Work request:
Write the records out again exactly as they read, dropping any picture they hold.

-- Data excerpts follows --

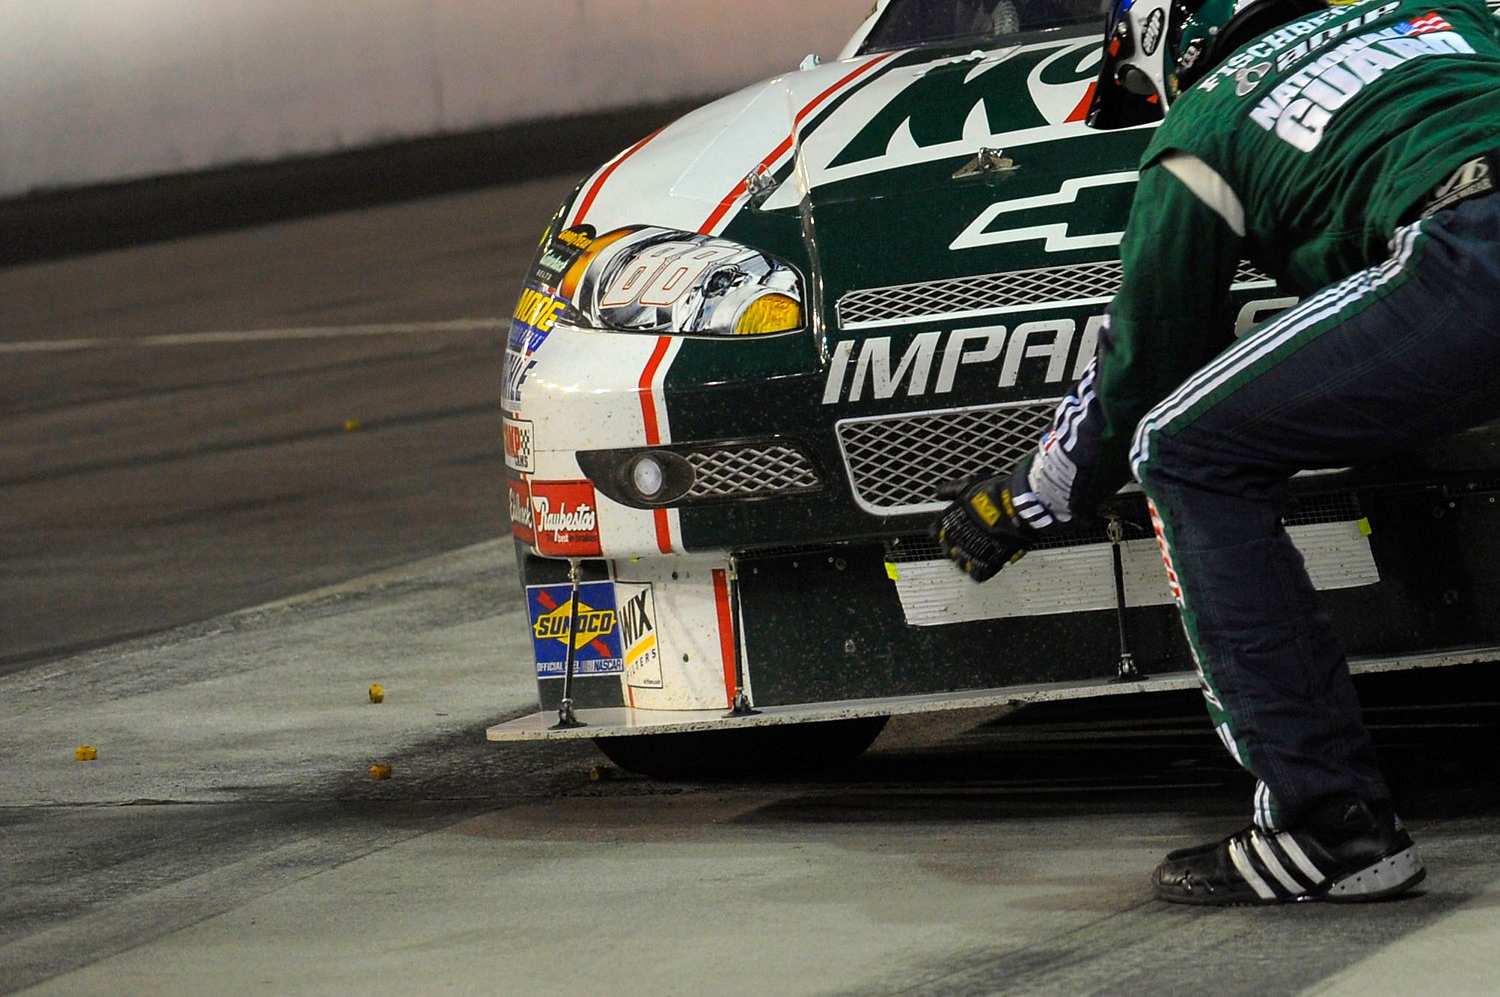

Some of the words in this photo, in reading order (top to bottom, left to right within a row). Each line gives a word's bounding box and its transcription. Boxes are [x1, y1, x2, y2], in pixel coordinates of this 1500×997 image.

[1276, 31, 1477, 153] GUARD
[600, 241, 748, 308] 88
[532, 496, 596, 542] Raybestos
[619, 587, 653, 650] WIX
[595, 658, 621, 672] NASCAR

-- Data excerpts concluded --

Answer to the problem:
Some of the words in this photo, in reading order (top to bottom, left to right within a row). Each line gives a word's bounding box and its transcription. Boxes are [x1, y1, x2, y2], in pixel coordinates of this 1500×997 image.

[1276, 31, 1477, 153] GUARD
[600, 241, 748, 308] 88
[532, 496, 596, 542] Raybestos
[619, 587, 653, 650] WIX
[595, 658, 621, 672] NASCAR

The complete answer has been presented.